Tristísimo sainiete nacional

Tristísimo sainiete nacional

Los que estamos fuera del país vivimos en una continua perplejidad o, si quieren, pongan zozobra o el calificativo que más gusten. Al contemplar la situación sociopolítica que atraviesa la nación española nos vienen a la cabeza incontables calificativos. Y por ellos preguntan los extranjeros. ¿Qué pasa en España? ¿Qué malas brujas se han introducido para crear una crispación y unos titulares cada día más llamativos? Bueno, las brujas son todas malas, digo yo, si me dejan, ya vayan con o sin escoba merodeando por los aires… Porque son incontables los temas que están creando la situación. Para empezar, el más grave es el de la Justicia. Desconozco quién debe pagar las célebres hipotecas, aun cuando me gustaría que la mía la pagasen otros. Pero el tema grave es la inseguridad y el golpe que se le está asestando a la Judicatura.
Se entiende que la Justicia de un país es algo casi sagrado y que debe ser ella la que ponga siempre las cosas en su sitio. Al poder judicial le debiera honrar el equilibrio, la certeza, la seriedad y sobre todo la ponderación a la hora de interpretar lo que emana del poder legislativo. Cuando ocurren esos vaivenes que está sufriendo se están socavando lo cimientos más serios de un país. ¿A quién vamos a acudir? Quisiera creer que sus decisiones nunca estuviesen a merced de ningún otro poder nacional y menos aún al socaire de lo que convenga a cualquier sector social, sea la banca o el que fuere. ¿Ha habido presiones? Quisiéramos creer en su imparcialidad, nos gustaría creerlo. Pero la gran masa del pueblo tiene sus desconfianzas. ¿Quién se las va a retirar cuando contemplan que un día dicen sí y al siguiente lo contrario?
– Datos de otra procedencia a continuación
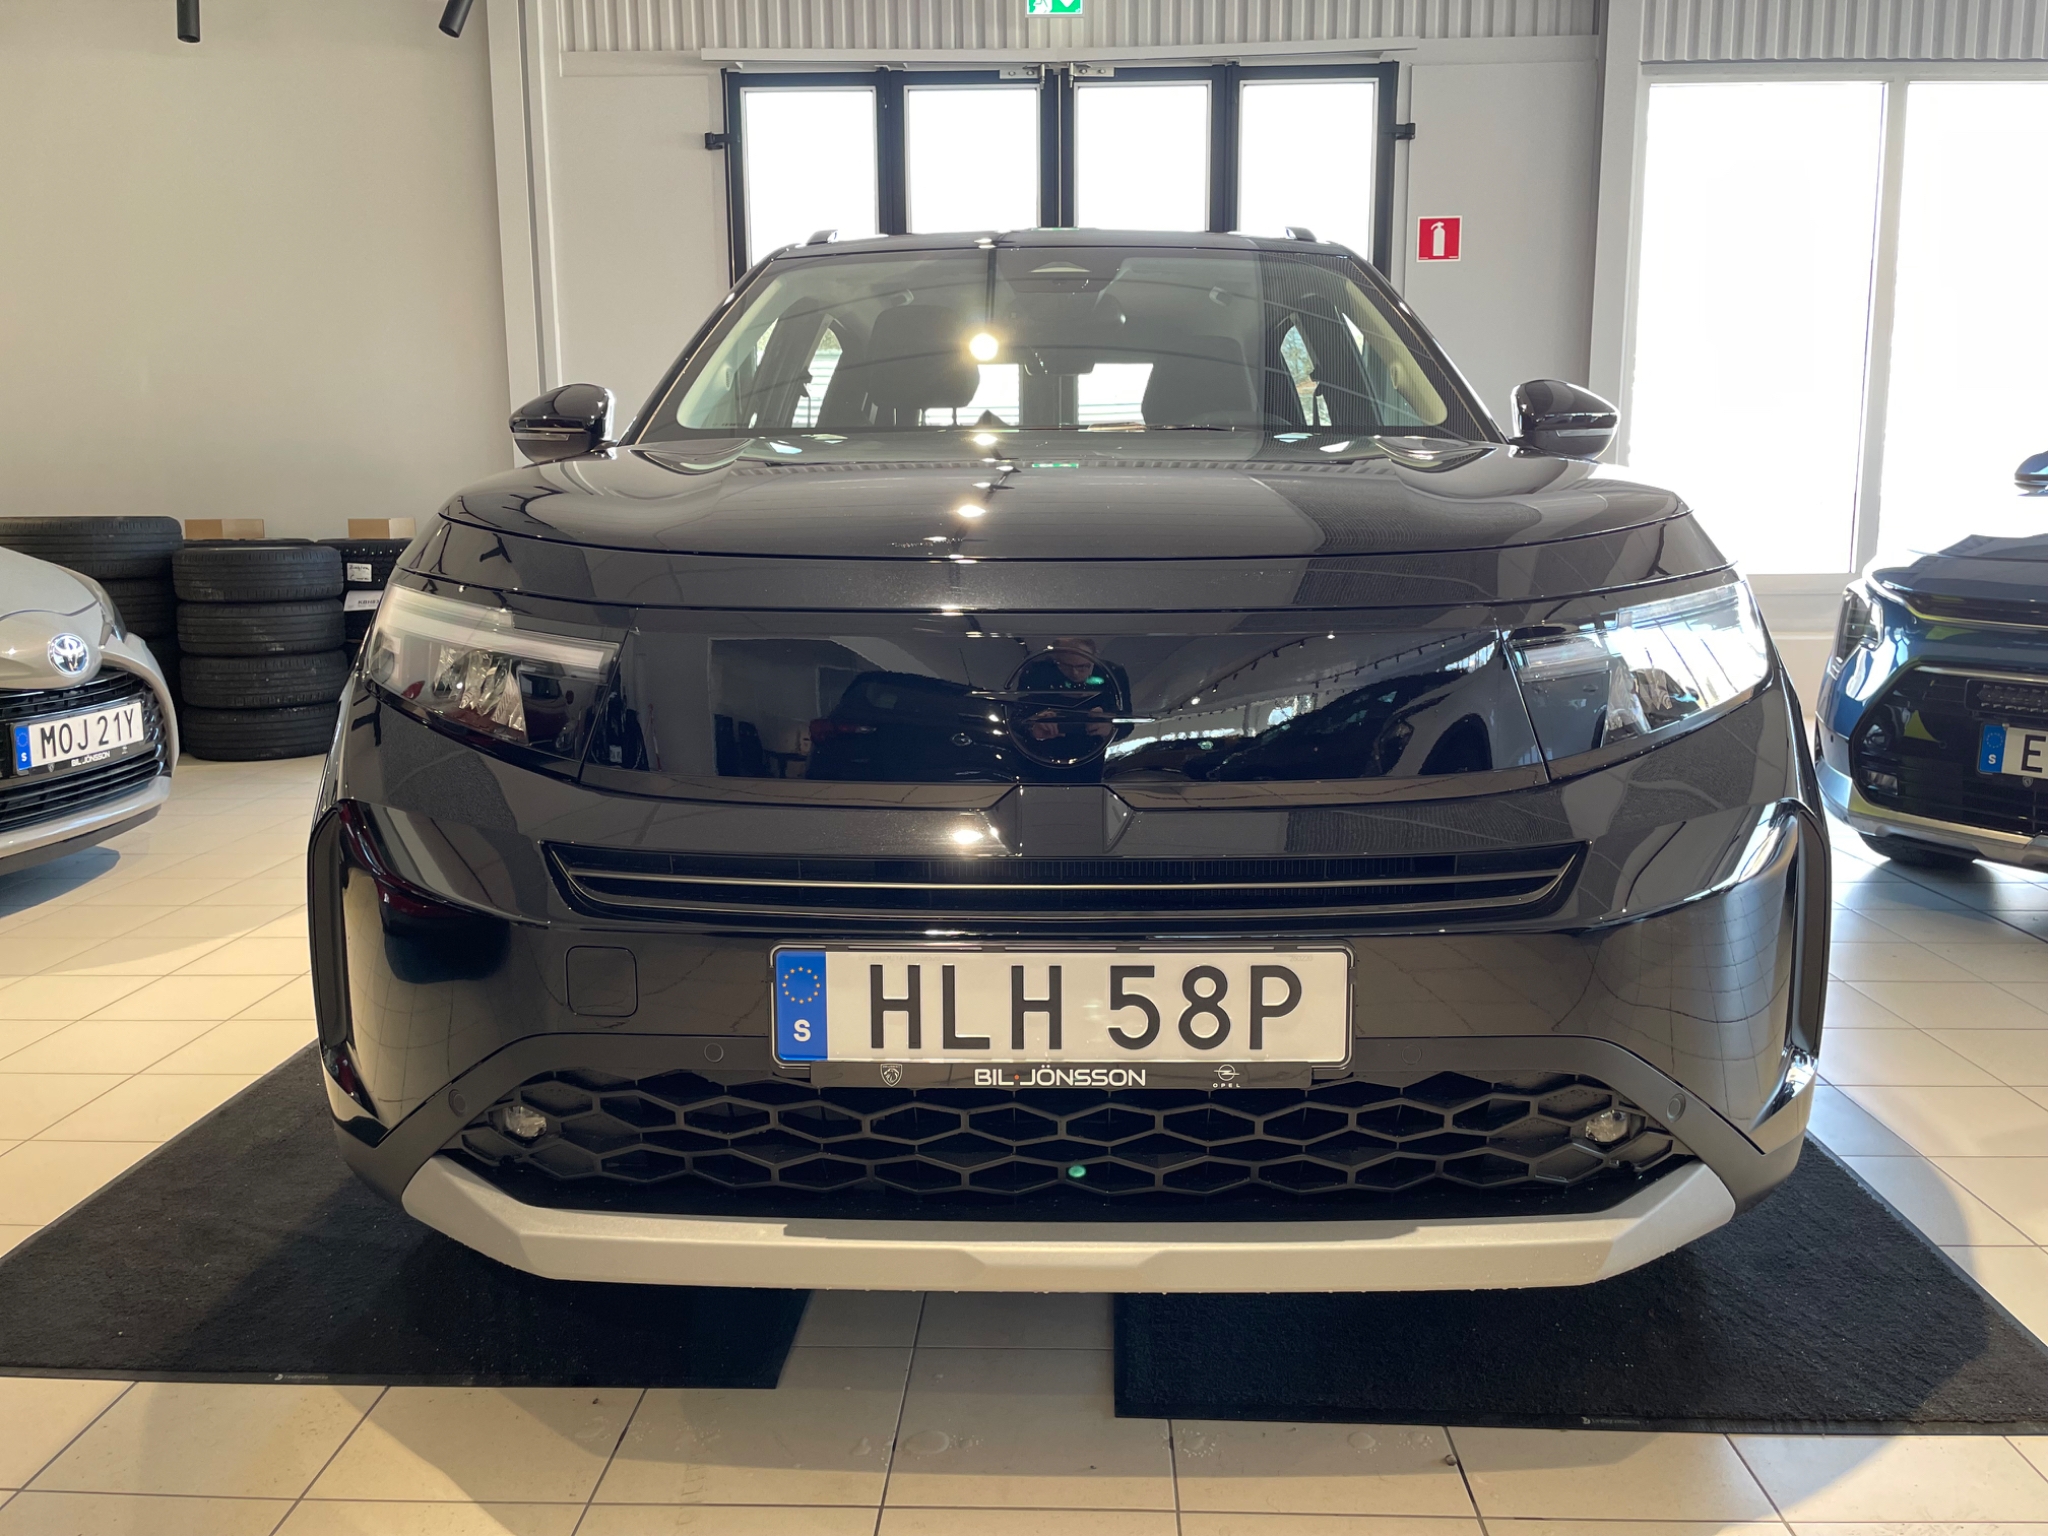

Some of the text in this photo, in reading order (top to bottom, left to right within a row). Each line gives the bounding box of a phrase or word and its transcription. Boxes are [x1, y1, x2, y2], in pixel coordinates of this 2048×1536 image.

Ante la alarma nacional e incluso internacional sobre el estado de la Justicia en España, se suman también resoluciones de algunos países de Europa que son de todo punto criticables. Van o pretenden ir contra el prestigio de nuestra Justicia. Y si ahora se suma esto más argumentos poseen tanto los catalanes como el mismo Arnaldo Otegi. Tras la célebre reunión del Tribunal Supremo ha habido múltiples reacciones. La Asociación Profesional de la Magistratura calificó de “lamentable gestión” admitiendo que “es comprensible que haya causado desconcierto en la opinión pública y un profundo malestar en quienes se ven afectados por su contenido”, rechazando “especialmente las críticas de algunos responsables políticos”.
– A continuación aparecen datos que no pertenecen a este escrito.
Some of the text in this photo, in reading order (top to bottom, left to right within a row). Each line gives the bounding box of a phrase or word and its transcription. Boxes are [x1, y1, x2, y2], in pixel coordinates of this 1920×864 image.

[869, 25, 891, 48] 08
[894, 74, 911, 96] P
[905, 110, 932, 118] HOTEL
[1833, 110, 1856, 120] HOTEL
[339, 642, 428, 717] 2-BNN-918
Uno de los magistrados reconocía: “Nos hemos metido nosotros solitos en el lío”, y el presidente Carlos Lesmes afirmó rotundo tras haber pedido disculpas la semana anterior, que lo dictado por los 28 magistrados: “Que no tenga dudas la sociedad, que actuaron con absoluta libertad e independencia de criterio con las reglas del juego en nuestro Estado de Derecho”. Con todo, sigue siendo muy triste que el Supremo cambie de jurisprudencia dos veces en 15 días dejando una sensación muy mala. 
La situación bien creo que es fruto de un estado general en el que faltan criterios firmes y contenidos serios creando un ambiente muy voluble que fomenta el malestar general que nunca es bueno para la sociedad. Lo dicho, un triste sainete del que falta la segunda parte o muchas más, pero dejemos para el jueves siguiente las connotaciones políticas de esta situación. Estando así las cosas lo demás viene por añadidura en una sociedad que prima el tener sobre el ser y en la que nada es cierto ni mentira, sigue siendo según el color del cristal con el que se mira, siguiendo la célebre poesía de Campoamor (1817-1901).